An Active Particle in an Activity “Well”
Birds, bison, and bacteria all take energy from their environments to move. When these living things—known to physicists as “active” systems—come together in flocks, herds, and swarms, they display behaviors that researchers hope to replicate in reconfigurable materials, for example. But to fully leverage the behaviors, physicists need to understand the fundamental rules that govern idealized versions of these systems. Now Frank Cichos of the University of Leipzig, Germany, and colleagues add another rule to the list of known ones by uncovering how a single active particle behaves when confined in an activity “potential well” [1, 2]. The team says that their finding could be used to create active ratchets.
In their experiments the team used a gold-coated colloidal particle that “swam” when illuminated with a laser (see Synopsis: Particles Propelled Like Rockets). They placed the particle in a glass-walled, water-filled 2D channel. They then confined its motion by turning the laser off when the particle hit a pre-defined “red line,” which acted like the wall of a potential well but applied no force to the particle. They turned the laser on again only when the particle’s passive motion took it back inside the well.

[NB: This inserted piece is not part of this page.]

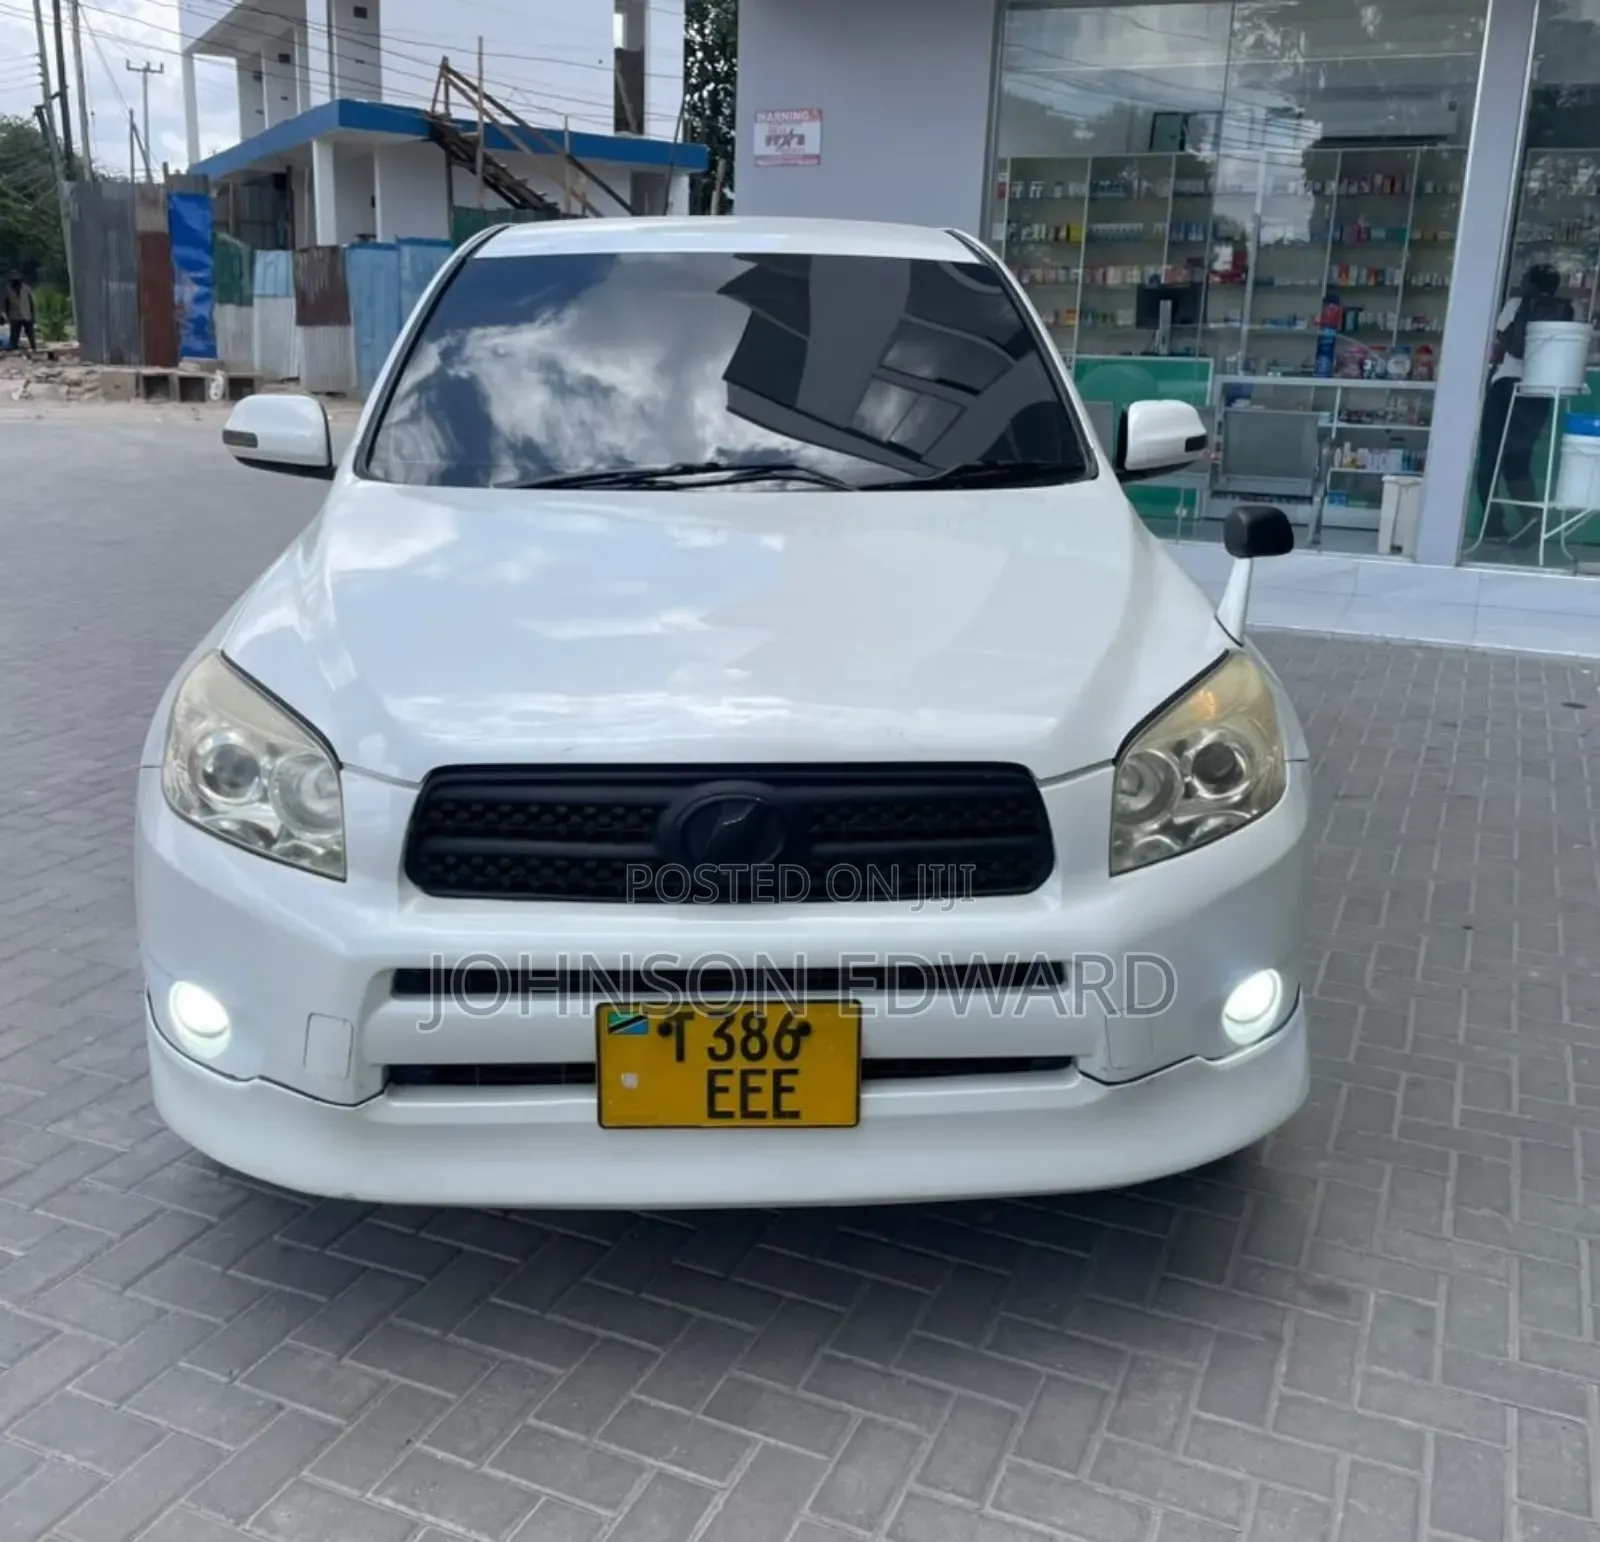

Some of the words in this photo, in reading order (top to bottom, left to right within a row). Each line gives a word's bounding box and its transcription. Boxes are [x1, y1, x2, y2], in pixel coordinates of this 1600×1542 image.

The team found that the particle’s swimming direction was linked to its position in the well, such that it moved randomly in the well’s center but in a preferred direction near the well’s red line “wall.” The researchers predict that this behavior—which they term polarization—comes from hidden particle-induced currents in the water. Now that they understand how a single active particle moves in an activity well, Cichos says that they plan to explore how multiple particles behave under similar confinement.
Katherine Wright is the Deputy Editor of Physics.